[Given records — start]

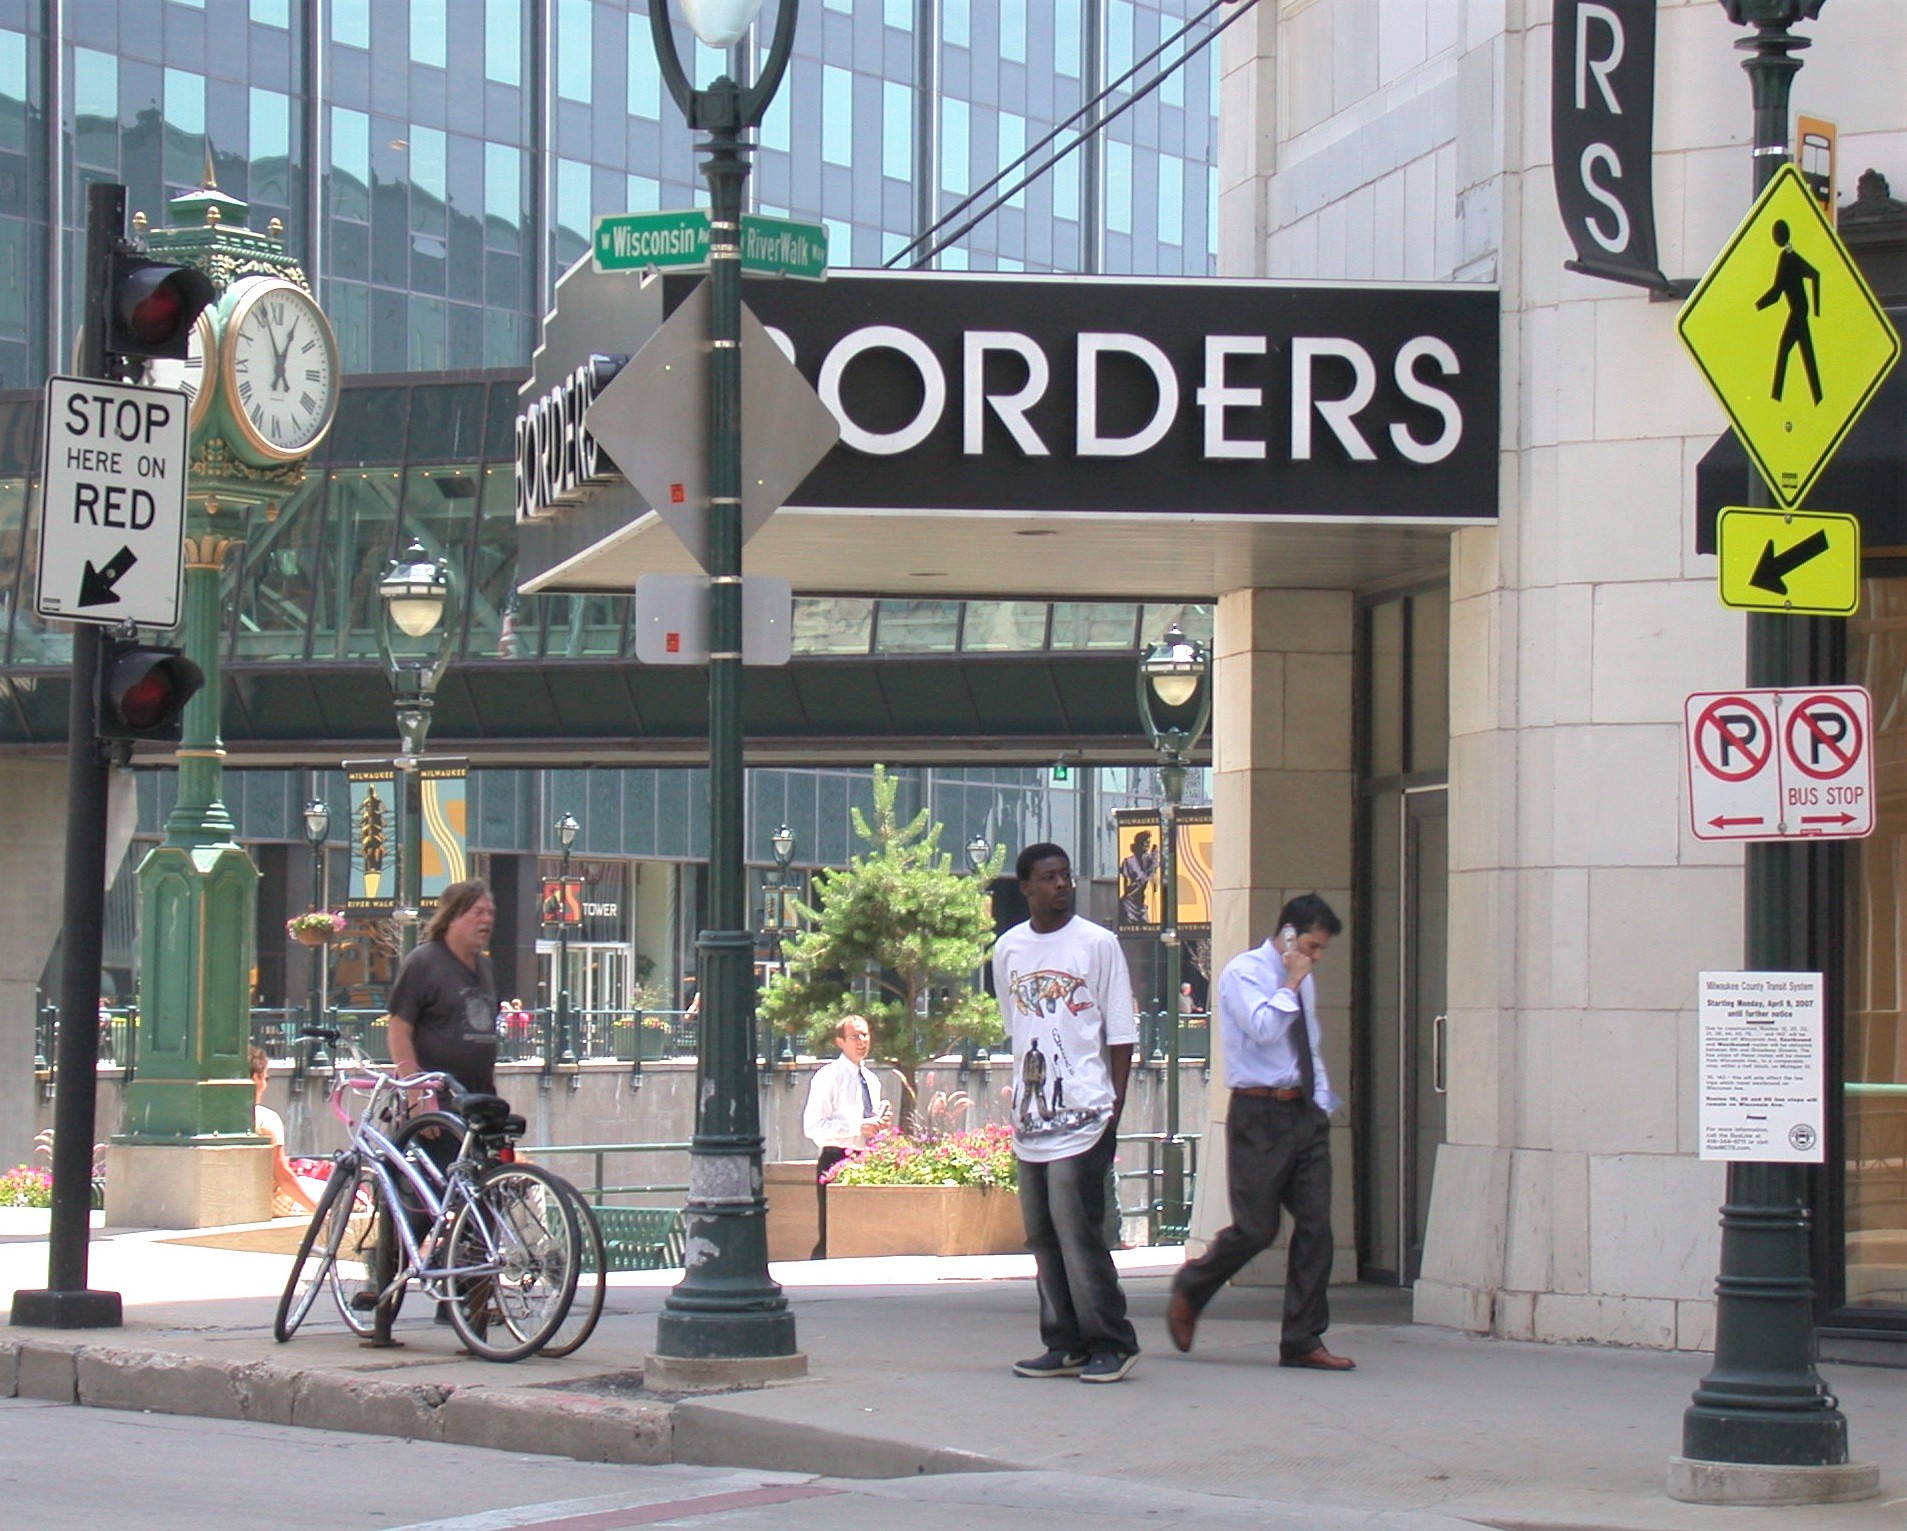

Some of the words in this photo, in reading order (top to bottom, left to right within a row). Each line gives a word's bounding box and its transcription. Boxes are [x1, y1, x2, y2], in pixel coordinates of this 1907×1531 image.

[601, 233, 611, 250] W
[613, 221, 695, 258] Wisconsin
[747, 227, 808, 266] RiverWalk
[762, 323, 1464, 465] ORDERS
[65, 392, 170, 443] STOP
[67, 447, 122, 474] HERE
[137, 455, 166, 479] ON
[74, 482, 156, 531] RED
[349, 771, 394, 780] MILWAUKEE
[420, 768, 466, 778] MILWAUKEE
[1788, 787, 1818, 806] BUS
[1827, 786, 1864, 805] STOP
[582, 902, 617, 917] TOWER
[1706, 982, 1739, 990] Milwaukee
[1741, 982, 1764, 991] County
[1766, 982, 1787, 990] Transit
[1789, 982, 1813, 991] System
[1737, 1000, 1765, 1008] Monday,
[1767, 1000, 1784, 1008] April

[Given records — finish]

Task statement >> Give the entries back verbatim and omit the images.

Reply >>
Some of the words in this photo, in reading order (top to bottom, left to right within a row). Each line gives a word's bounding box and its transcription. Boxes are [x1, y1, x2, y2], in pixel coordinates of this 1907×1531 image.

[601, 233, 611, 250] W
[613, 221, 695, 258] Wisconsin
[747, 227, 808, 266] RiverWalk
[762, 323, 1464, 465] ORDERS
[65, 392, 170, 443] STOP
[67, 447, 122, 474] HERE
[137, 455, 166, 479] ON
[74, 482, 156, 531] RED
[349, 771, 394, 780] MILWAUKEE
[420, 768, 466, 778] MILWAUKEE
[1788, 787, 1818, 806] BUS
[1827, 786, 1864, 805] STOP
[582, 902, 617, 917] TOWER
[1706, 982, 1739, 990] Milwaukee
[1741, 982, 1764, 991] County
[1766, 982, 1787, 990] Transit
[1789, 982, 1813, 991] System
[1737, 1000, 1765, 1008] Monday,
[1767, 1000, 1784, 1008] April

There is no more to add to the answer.